One of the problems she examined for UPS involves how to design a delivery network to move ground shipments from their origins to their destinations in a cost-efficient manner that satisfies promised delivery time commitments. This is a problem that has become increasingly challenging for companies such as UPS, as more customers are opting for the shorter delivery times that many ground freight companies now offer. At the same time, completely redesigning a company's delivery network based on these new delivery times is a very expensive proposition.

Campbell and co-authors Barrett Thomas (also at the University of Iowa) and Hui Chen (a former PhD student at Iowa and now a senior analyst at Northwest Airlines) have focused on a version of the problem where none of the hubs move, since the hubs would be the most expensive part of the network to change. Each "connection" represents a truck and a driver carrying ground freight from one hub to another. From each hub, there may be connections going to a single hub or to many other hubs. The number of connections has a significant impact on cost (as a truck and a driver represent a substantial investment) and on the ability to satisfy all promised delivery time commitments. Thus, Campbell, Thomas, and Chen specifically examine how to find the best possible set of connections that satisfy delivery time commitments given a limit on the total number of connections that may be used.

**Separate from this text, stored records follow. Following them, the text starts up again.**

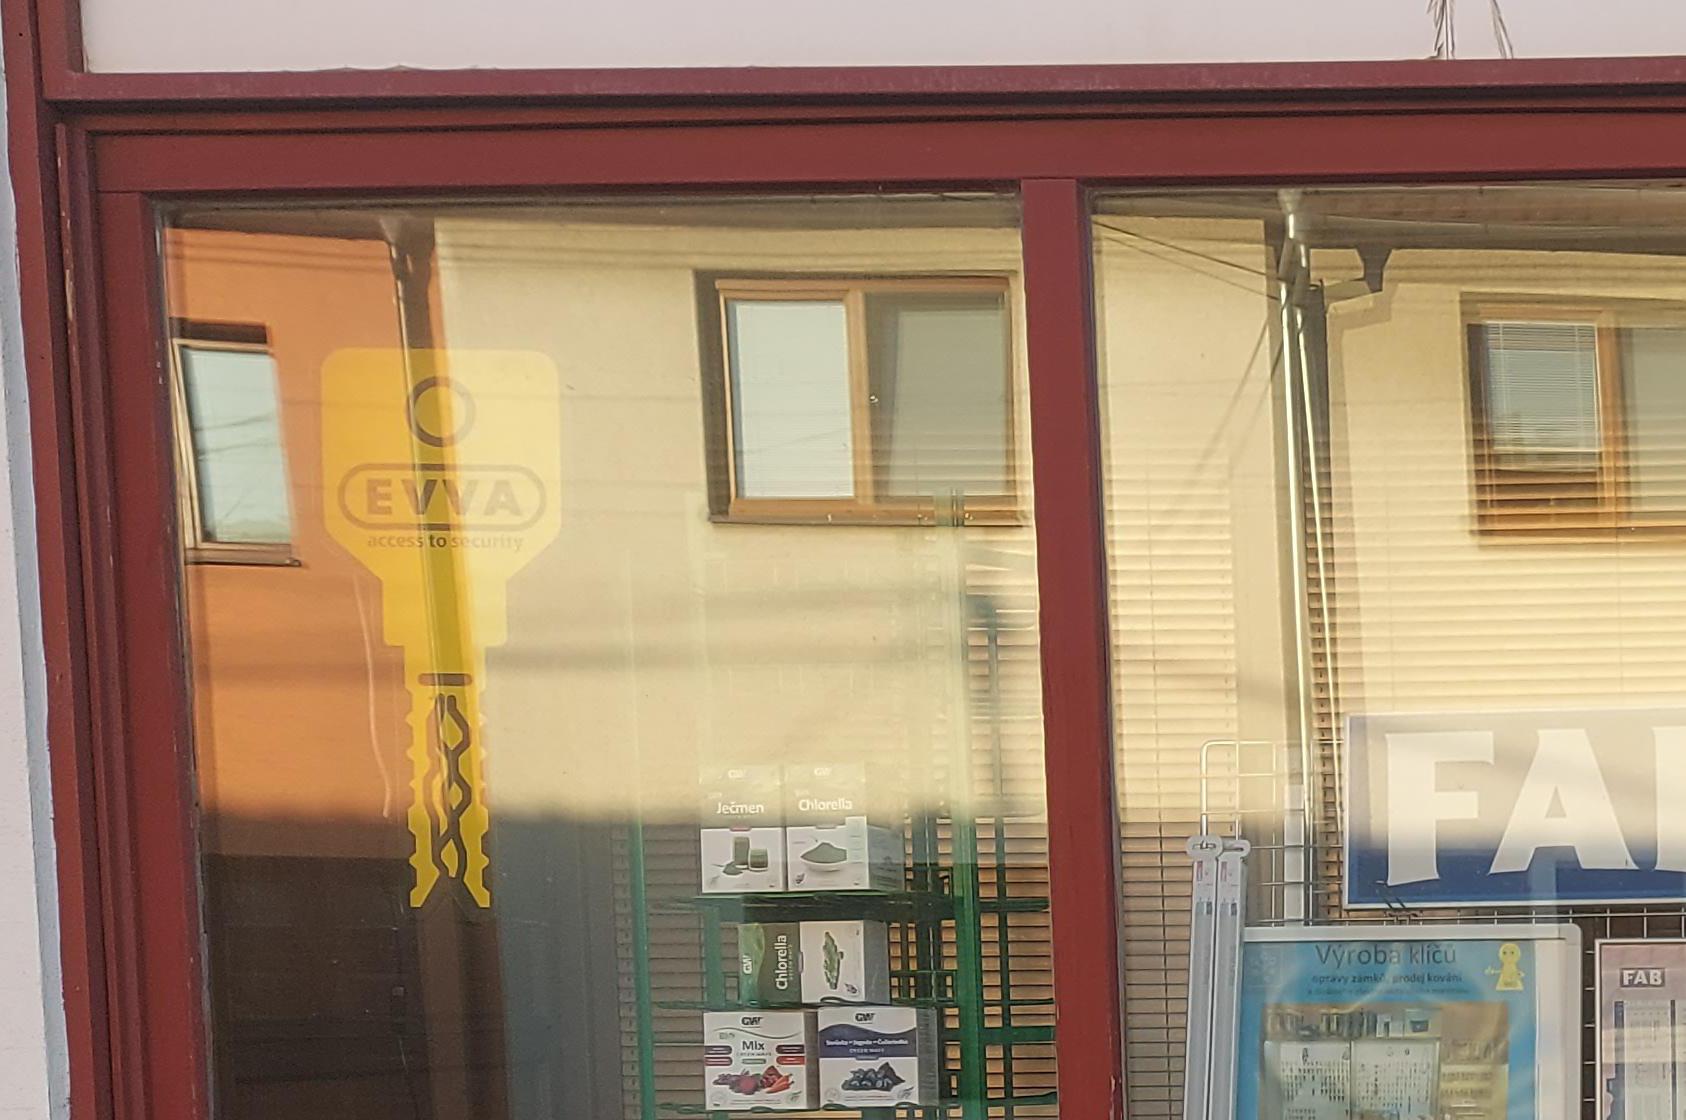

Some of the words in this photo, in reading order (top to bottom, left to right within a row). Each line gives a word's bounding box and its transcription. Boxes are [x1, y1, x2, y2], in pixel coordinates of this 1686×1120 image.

[366, 478, 523, 517] EVVA
[367, 534, 424, 549] access
[429, 533, 448, 549] to
[450, 533, 524, 551] security
[717, 800, 764, 815] Ječmen
[798, 799, 853, 812] Chlorella
[775, 934, 789, 991] Chlorella
[1314, 942, 1401, 972] Výroba
[1312, 974, 1350, 986] opravy
[1391, 972, 1426, 985] prodej
[1621, 969, 1664, 986] FAB
[742, 1039, 766, 1051] Mix

For many potential scenarios, there is not a feasible network that satisfies all delivery time commitments, so they measure the amount of violation of these commitments and seek to minimize either the maximum violation or the total sum of violations. For the maximum violation version of the problem, they have developed algorithms that solve several versions of the problem exactly. For the total sum version, exact solutions are not possible, but the authors have created some clever heuristics that capitalize on the solution structure.

In their computational experiments based on different ground networks in the United States, they found the solutions to problems with lower budgets always took on the appearance of connecting each hub to a "superhighway" going across the country. As budgets increase, the superhighway remains, but with additional connections added. This solution structure reveals the importance of having high-flow lanes and prioritizing movement of freight on these lanes to promote service quality and customer satisfaction.

Campbell received a prestigious NSF CAREER grant in 2003 and was awarded a Hesse Fellowship at the University of Iowa in 2004. She was named an associate editor of Transportation Science in 2007 and has authored twenty journal articles and four book chapters.

This article fist appeared in the Fall 2009 issue of Industrial & Systems Engineering, the alumni magazine of the Stewart School of ISyE.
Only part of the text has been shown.